The QDLEDs were fabricated on 100 nm thick ITO-patterned glass substrates (Kintec) with a sheet resistance of 20 Ω sq−1. The ITO substrates were cleaned using Micro 90 (Cole-Parmer), and subsequently sonicated with deionized water, acetone, and isopropanol solutions in sequence. Following the cleaning process, the substrates underwent a 5-min oxygen plasma treatment to enhance surface wettability. 30 mg mL−1 ZnO NPs dispersed solution (SkySpring Nanomaterials, Inc.), filtered two times through a 0.22 μm polypropylene filter, was spin-coated onto the substrates at 3000 rpm, followed by baking at 400 °C on a hotplate for 30 min. 12.5 mg mL−1 red CdSe/ZnS QDs (Mesolight Inc.) suspended in octane, with a peak EL emission wavelength of 630 nm and a 75% PL quantum yield (PLQY), were spin-coated at a 3000 rpm and then annealed at 50 °C for 30 min.

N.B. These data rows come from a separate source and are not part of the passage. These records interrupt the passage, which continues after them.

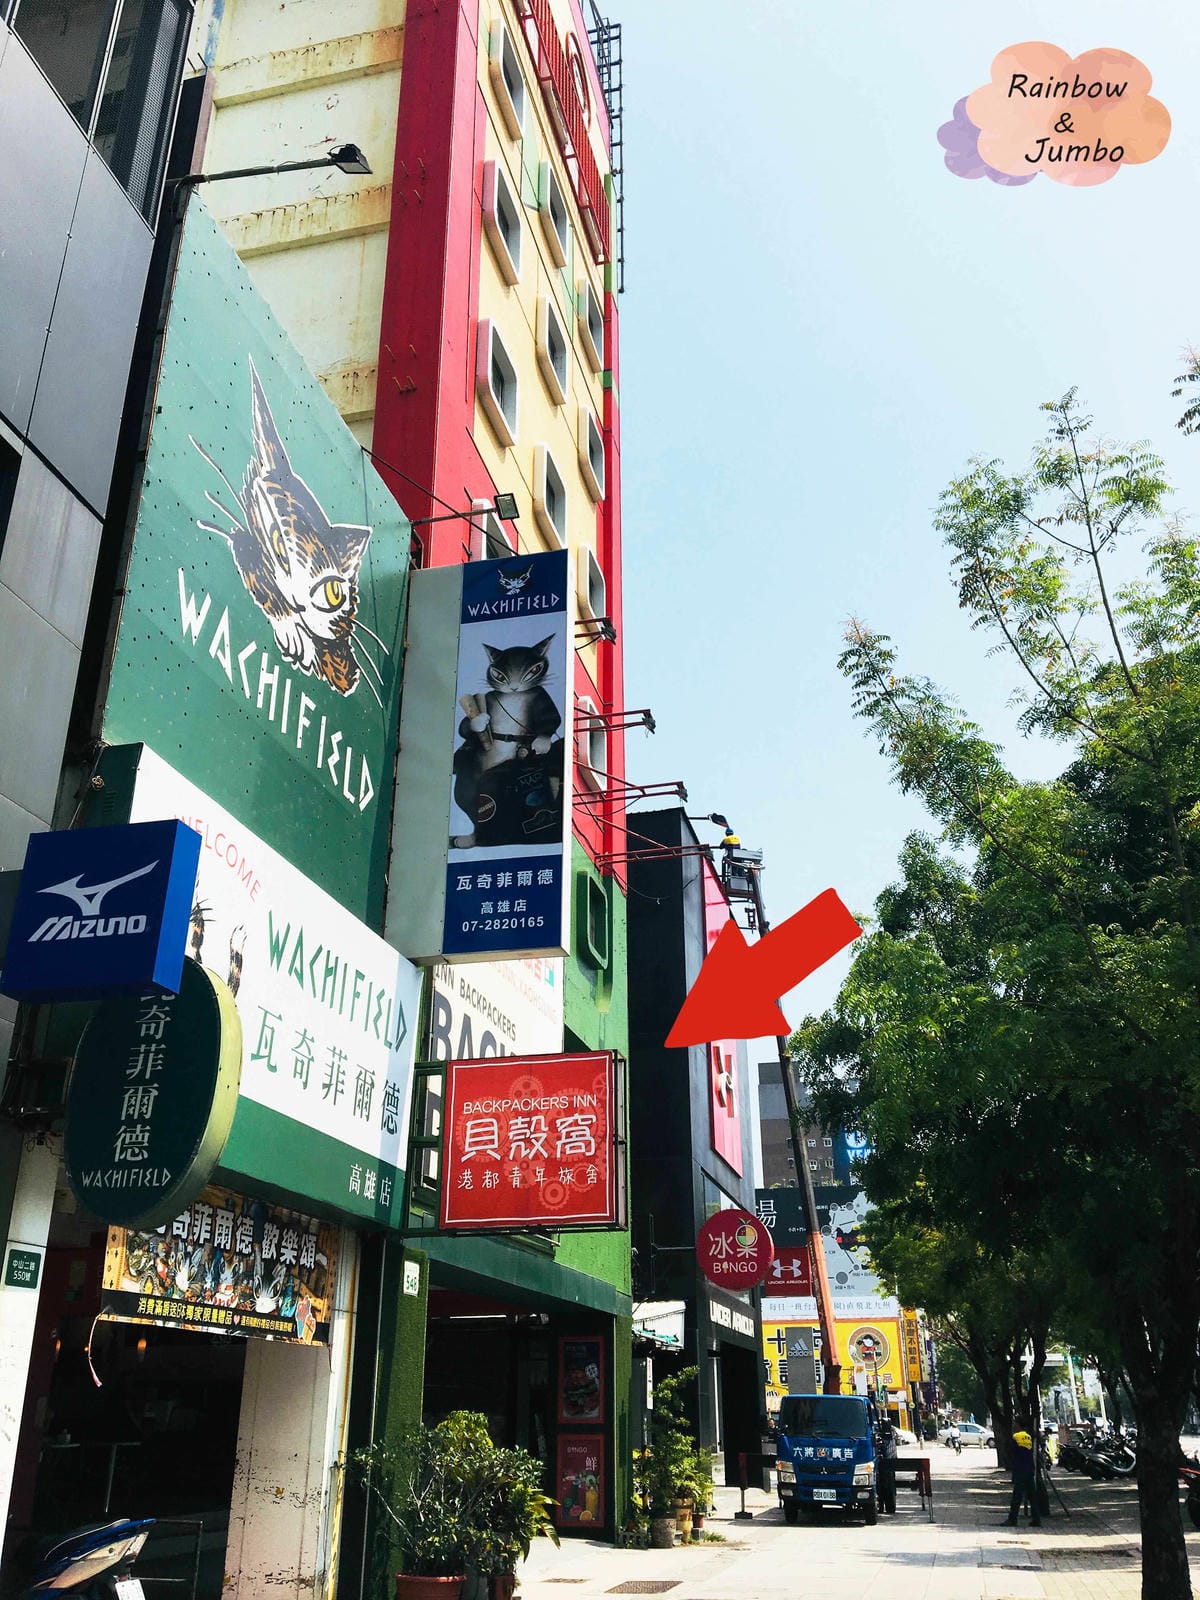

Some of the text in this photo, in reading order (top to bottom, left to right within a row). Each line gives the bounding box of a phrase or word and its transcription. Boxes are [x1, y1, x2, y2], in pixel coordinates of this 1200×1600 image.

[467, 593, 560, 617] WACHIFIELD
[178, 567, 375, 812] WACHIFIELD
[456, 869, 554, 891] 瓦奇菲爾德
[462, 916, 545, 932] 07-2820165
[480, 899, 527, 915] 高雄店
[268, 909, 408, 1053] WACHIFIELD
[459, 978, 517, 1042] BACKPACKERS
[112, 994, 176, 1163] 奇菲爾德
[250, 1005, 401, 1136] 瓦奇菲爾德
[463, 1094, 597, 1114] BACKPACKERS INN
[460, 1112, 597, 1163] 貝殼窩
[81, 1167, 172, 1188] WACHIFIELD
[349, 1163, 392, 1207] 高雄店
[713, 1261, 758, 1275] BINGO

Subsequently, CBP (Angstrom Engineering), Tris-PCz (Luminescence Technology), HATCN (Angstrom Engineering), MoO3 (Angstrom Engineering), and Al (Angstrom Engineering) with thicknesses of 50 nm, 50 nm, 10 nm, 5 nm, 100 nm, respectively, were deposited at rates of 0.1–2 Å s−1 in an Angstrom Engineering EvoVac thermal evaporation chamber at a base pressure of 5 × 10−6 Torr. All deposition processes were performed in a nitrogen-filled glove box and vacuum chamber.

QDLED characterization

The luminance of the QDLEDs was measured using a Minolta Chroma Meter CS-100, and current–voltage–luminance measurements were conducted with an Agilent 4155C semiconductor parameter analyzer connected to a silicon photodiode. Spectral measurements of the QDLEDs were obtained using an Ocean Optics QE65000 spectrometer. EL lifetime measurements were carried out in an M6000PLUS OLED Lifetime Test System, maintaining a constant driving current at 20 mA cm−2. Capacitance–voltage characteristics were measured using a Keithley 4200 semiconductor analyzer with a capacitance–voltage unit (4215-CVU). The capacitance was measured using an AC voltage with a 20 mV room-mean-square amplitude and a frequency of 10 kHz.